Collected data:
•••

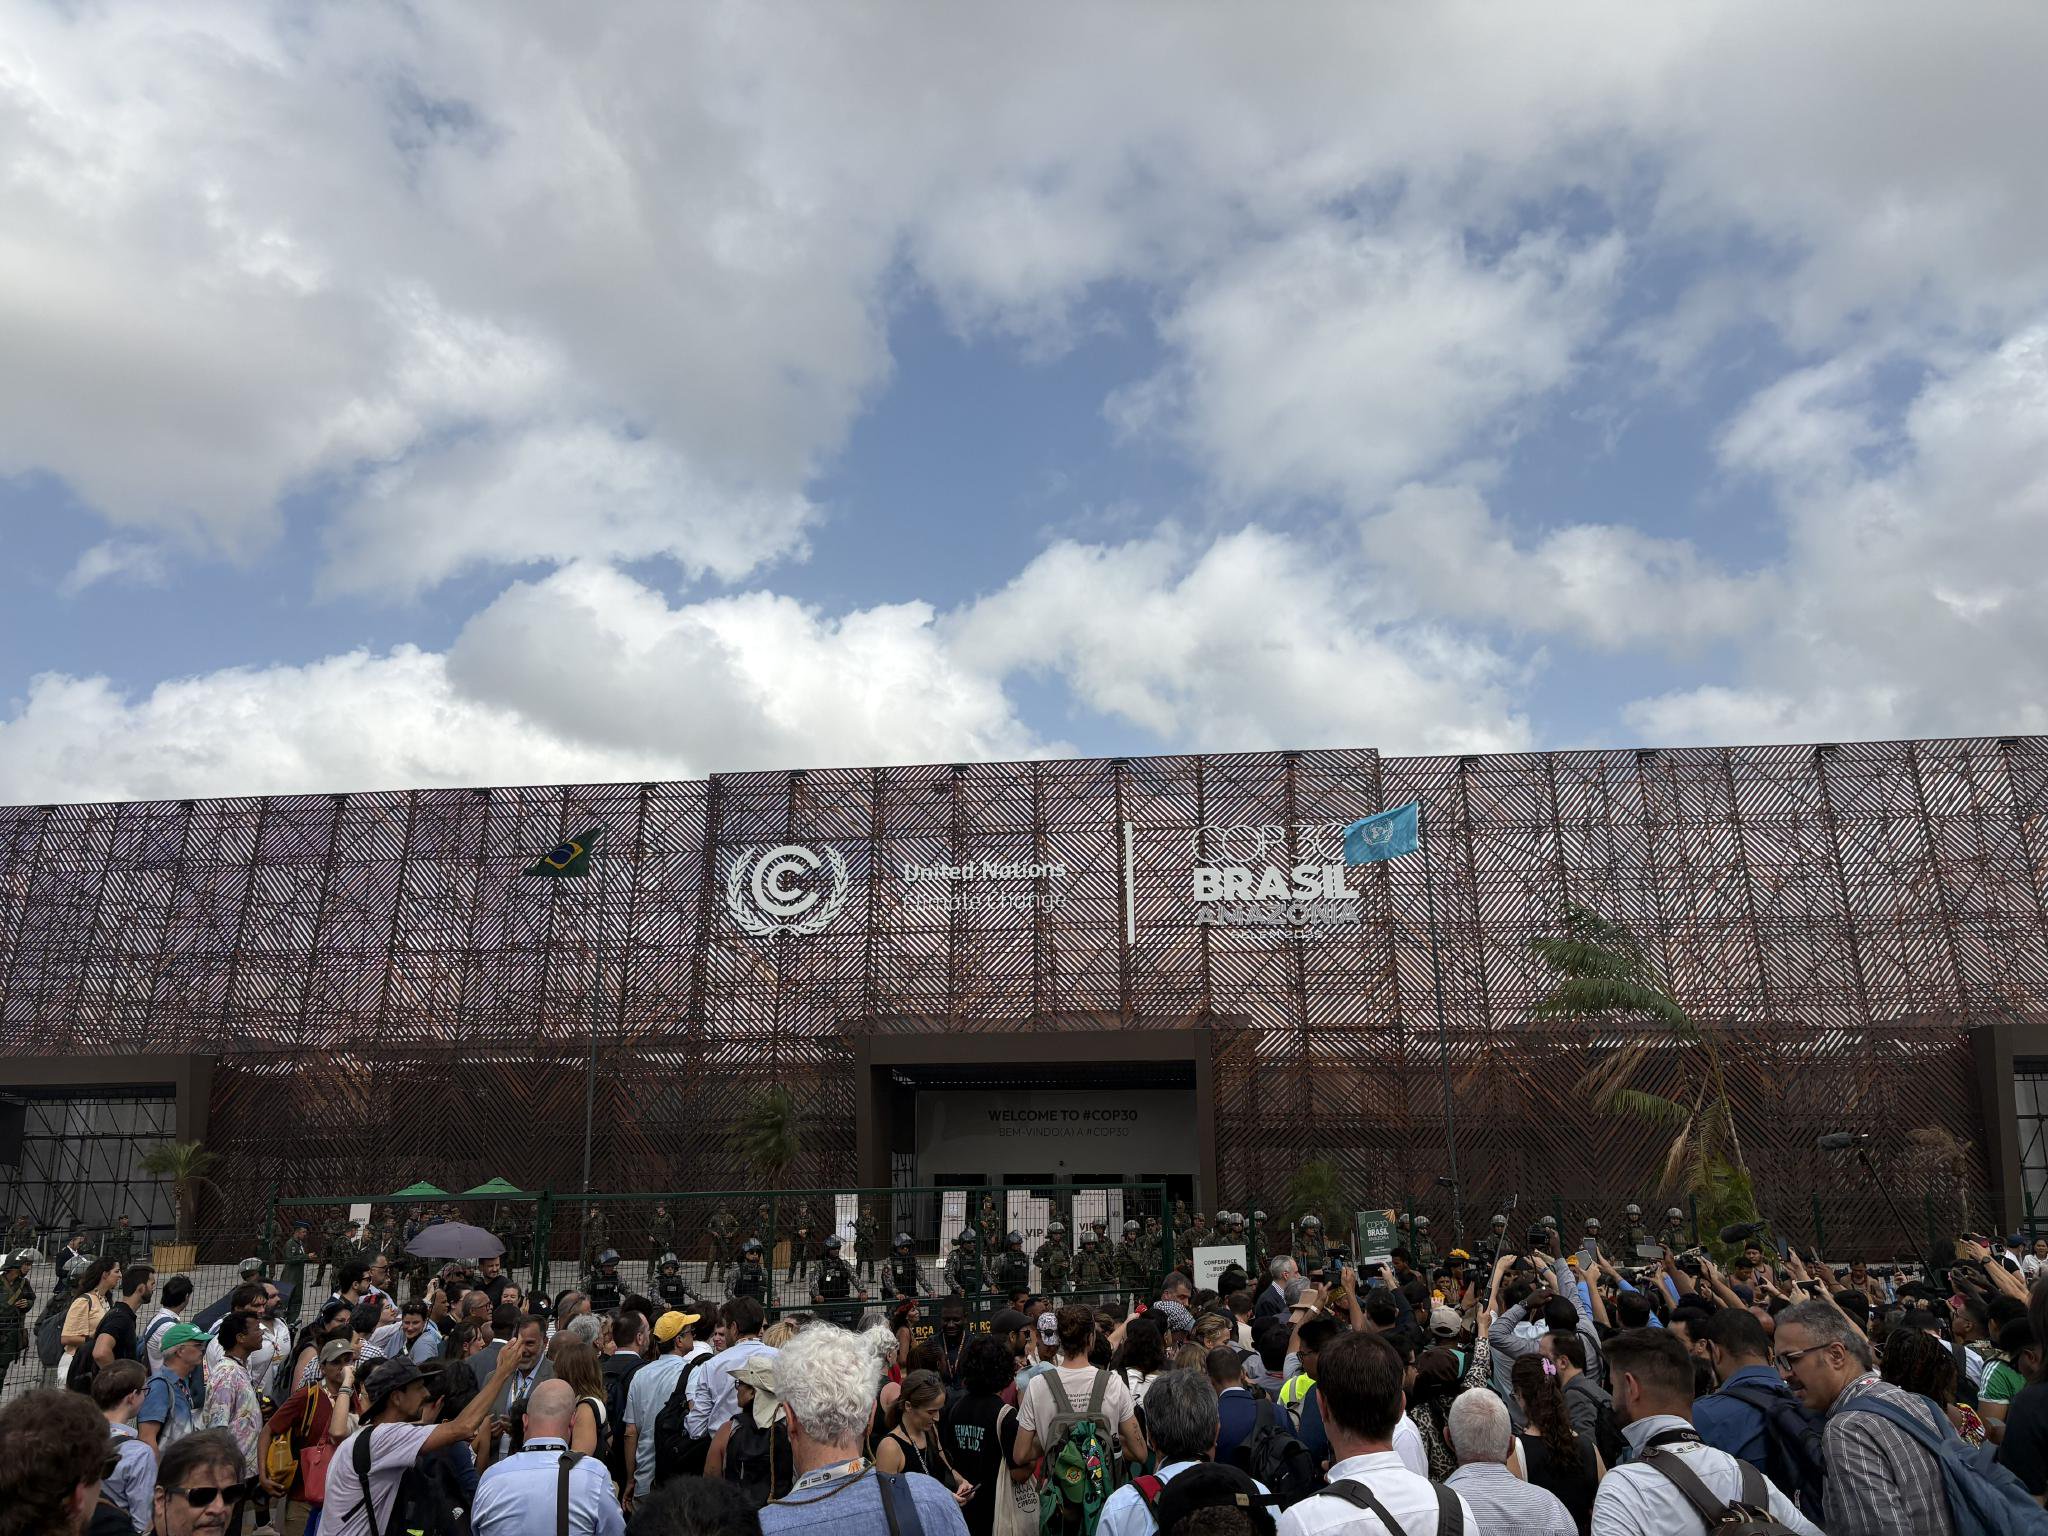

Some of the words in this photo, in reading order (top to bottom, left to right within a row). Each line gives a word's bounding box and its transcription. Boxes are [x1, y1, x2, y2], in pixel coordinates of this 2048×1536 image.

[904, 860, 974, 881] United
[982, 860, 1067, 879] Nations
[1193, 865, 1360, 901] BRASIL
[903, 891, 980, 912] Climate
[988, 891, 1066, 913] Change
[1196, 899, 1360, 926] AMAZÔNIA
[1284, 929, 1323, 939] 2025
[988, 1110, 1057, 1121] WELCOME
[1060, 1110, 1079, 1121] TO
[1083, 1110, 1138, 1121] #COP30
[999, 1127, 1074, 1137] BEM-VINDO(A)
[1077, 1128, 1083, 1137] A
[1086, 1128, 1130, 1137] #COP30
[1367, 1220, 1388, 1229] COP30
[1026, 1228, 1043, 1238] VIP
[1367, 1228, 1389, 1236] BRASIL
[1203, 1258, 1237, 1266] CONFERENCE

•••

WORK INSTRUCTIONS ->
Would you return the entries verbatim, minus any images?

EXPECTED ANSWER ->
Some of the words in this photo, in reading order (top to bottom, left to right within a row). Each line gives a word's bounding box and its transcription. Boxes are [x1, y1, x2, y2], in pixel coordinates of this 2048×1536 image.

[904, 860, 974, 881] United
[982, 860, 1067, 879] Nations
[1193, 865, 1360, 901] BRASIL
[903, 891, 980, 912] Climate
[988, 891, 1066, 913] Change
[1196, 899, 1360, 926] AMAZÔNIA
[1284, 929, 1323, 939] 2025
[988, 1110, 1057, 1121] WELCOME
[1060, 1110, 1079, 1121] TO
[1083, 1110, 1138, 1121] #COP30
[999, 1127, 1074, 1137] BEM-VINDO(A)
[1077, 1128, 1083, 1137] A
[1086, 1128, 1130, 1137] #COP30
[1367, 1220, 1388, 1229] COP30
[1026, 1228, 1043, 1238] VIP
[1367, 1228, 1389, 1236] BRASIL
[1203, 1258, 1237, 1266] CONFERENCE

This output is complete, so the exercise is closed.